After hearing heaps of praise from our readers over the years, our editors were also converted to the wonders of multi-cookers, namely the ones that can both pressure cook and slow cook. This one appliance has eliminated the need for multiple appliances and made getting meals on the table much, much easier.

If you found yourself the lucky recipient of a multi-cooker over the holidays, here are a few things to know about your new toy!

1. Do a test run.

It's worth testing out the multi-cooker, especially the pressure setting, with just water before actually adding food. A test run forces you to read through the manual, learn how all the parts fit together, and make sure everything works properly so your inaugural cooking session isn't a bust.

(Image credit: Kelli Foster)

2. Don't overfill it.

When using the slow-cook or pressure settings, never fill the cooker more than 2/3 full (or 1/2 full when cooking foods that expand, like beans and grains), as it compromises the safety of the cooker.

3. Liquid is important.

When using a multi-cooker, remember there should always be some kind of liquid inside, whether you're pressure-cooking or steaming. Add at least a cup of water or liquid before doing any kind of cooking.

4. Keep the pressure release device clean.

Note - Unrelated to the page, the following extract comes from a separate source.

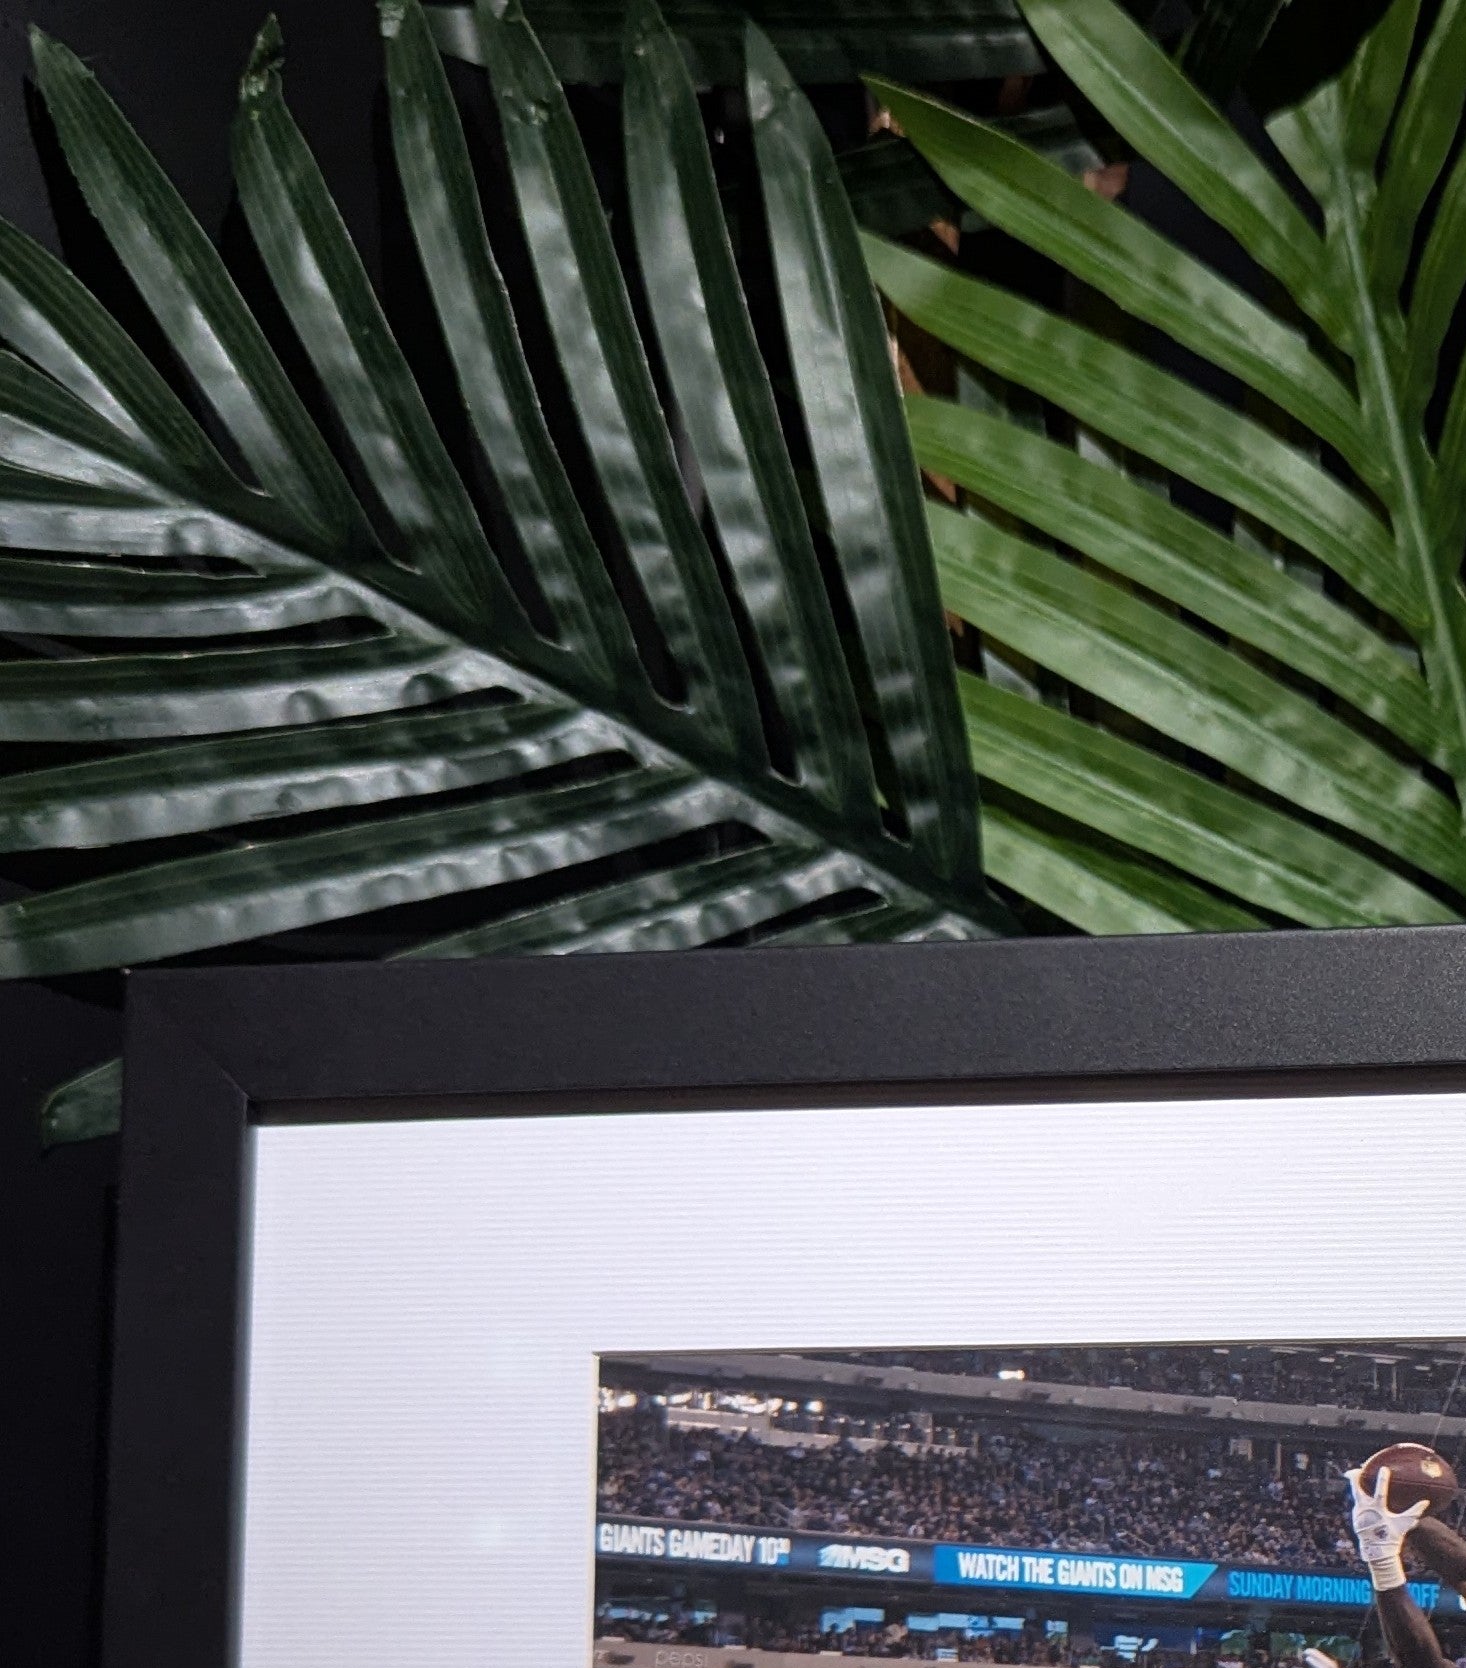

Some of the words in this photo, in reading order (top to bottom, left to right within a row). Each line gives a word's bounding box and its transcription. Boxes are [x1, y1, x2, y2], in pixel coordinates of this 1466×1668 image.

When using the pressure-cooker setting, always check that the pressure release device is clean. It can easily get clogged up, which affects how well the cooker works, so make it a habit to clean it after every use. Avoid cooking foods that sputter — like oats, pastas, and applesauce — with the pressure-cooker setting, and use the slow-cooker setting instead.

5. Consider getting a second lid.

If you own an Instant Pot and use it for a lot of slow cooking, consider getting a separate slow-cooker lid. This lid is like a traditional slow-cooker lid and replaces the heavier lid that is designed for pressure cooking. It's easy to see inside, easy to remove to stir in ingredients, and easy to clean since it doesn't have as many parts.